Seductively the Bikram style fitted around my timetable and my lifestyle: the studio was high spec with plush sofas and state of the art shoe racks. The colour scheme even exceeded expectations. The rubric on the heating system with stats about temperature control, CO2 to oxygen ratios with humidity sensitivity blew my inner geek brain. The challenge of just staying in the hot room wooed my overachieving personality traits. Then there were the mirrors, oh the mirrors..! Initially I came to class just now and then; classes felt wholesome and healthy. It's just yoga right? I thought I could handle it. But it was not long before the marketing strategies took hold. Once a week practice turned into the 30-day challenge and I was sweating almost as much out of class at the thought I might miss a day. Realisation was dawning that things were not quite as squeaky-clean as they first seemed.
Getting hot and sweaty became a guilty pleasure. Reality being suspended for the duration of a Bikram class, I cheated on my white-collar world and was hiding from life (stripped naked to the waist drenched in perspiration) rather than enhancing my life. Progress in my postures arrested. Aggressively pushing, pulling and overreaching was causing grumbling injuries and frustration rather than the deepening connection of mind and body facilitated by the breath, that yoga had promised.
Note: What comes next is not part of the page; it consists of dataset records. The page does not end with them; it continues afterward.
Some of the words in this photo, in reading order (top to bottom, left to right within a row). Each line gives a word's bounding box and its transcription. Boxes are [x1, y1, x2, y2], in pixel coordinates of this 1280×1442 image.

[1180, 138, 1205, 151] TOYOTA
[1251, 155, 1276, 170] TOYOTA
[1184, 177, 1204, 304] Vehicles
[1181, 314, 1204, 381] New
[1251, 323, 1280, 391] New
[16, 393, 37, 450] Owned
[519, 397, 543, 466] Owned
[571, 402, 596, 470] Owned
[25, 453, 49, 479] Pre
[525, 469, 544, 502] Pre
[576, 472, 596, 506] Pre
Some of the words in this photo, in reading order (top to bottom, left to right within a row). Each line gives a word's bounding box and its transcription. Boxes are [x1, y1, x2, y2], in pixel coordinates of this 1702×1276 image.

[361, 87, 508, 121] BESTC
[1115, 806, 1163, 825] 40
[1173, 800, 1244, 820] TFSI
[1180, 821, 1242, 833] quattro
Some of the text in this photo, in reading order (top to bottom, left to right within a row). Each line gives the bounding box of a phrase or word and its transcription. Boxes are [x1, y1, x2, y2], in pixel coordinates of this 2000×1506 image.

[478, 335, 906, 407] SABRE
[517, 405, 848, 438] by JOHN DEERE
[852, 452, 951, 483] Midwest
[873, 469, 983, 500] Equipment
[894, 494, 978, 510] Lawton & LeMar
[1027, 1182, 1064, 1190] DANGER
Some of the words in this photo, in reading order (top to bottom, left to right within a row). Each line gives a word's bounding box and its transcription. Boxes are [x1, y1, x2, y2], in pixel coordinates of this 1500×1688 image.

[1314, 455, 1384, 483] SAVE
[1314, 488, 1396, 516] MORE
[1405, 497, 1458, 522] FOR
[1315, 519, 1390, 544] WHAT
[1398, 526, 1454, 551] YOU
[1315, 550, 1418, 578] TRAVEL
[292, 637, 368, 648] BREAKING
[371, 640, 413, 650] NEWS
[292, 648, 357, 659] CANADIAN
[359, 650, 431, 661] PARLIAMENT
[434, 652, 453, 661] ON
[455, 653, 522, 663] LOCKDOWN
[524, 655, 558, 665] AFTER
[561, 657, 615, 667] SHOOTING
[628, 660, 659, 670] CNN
Several things conspired to tip the scales and help me kick the habit. I was feeling one-dimensional after class. Bikram was just exercise; yoga-lite with none of the other elements of yoga that my mind and body craved. There was a complete lack of balance. Man I badly needed to do a headstand to restore that balance; no go in Bikram. Why was I even going to class? I could have just gone to the gym and done the same workout day in and day out. Self-loathing burgeoned as I began to check out yoga bodies with furtive glances at reflections in those mirrors, oh the mirrors! What was going on with the throne thing up on a little dais? Was I enjoying being dominated on some level? The final straw was when I caught myself mulling over whether to show up for class in a skimpy figure hugging bathing costume, perhaps with a little gold detailing running through it. Holy crap the whole programme had me turning into Mr B himself! My head was becoming more messed up than before. I needed a different approach other than Bikram and I knew it was time to bail.
So now I am back on track with an 8-limbed recovery program. My daily practice has balance; headstands as often as required with breath mind and body back in sync. My new teacher does not judge me. I hope you don't judge me either.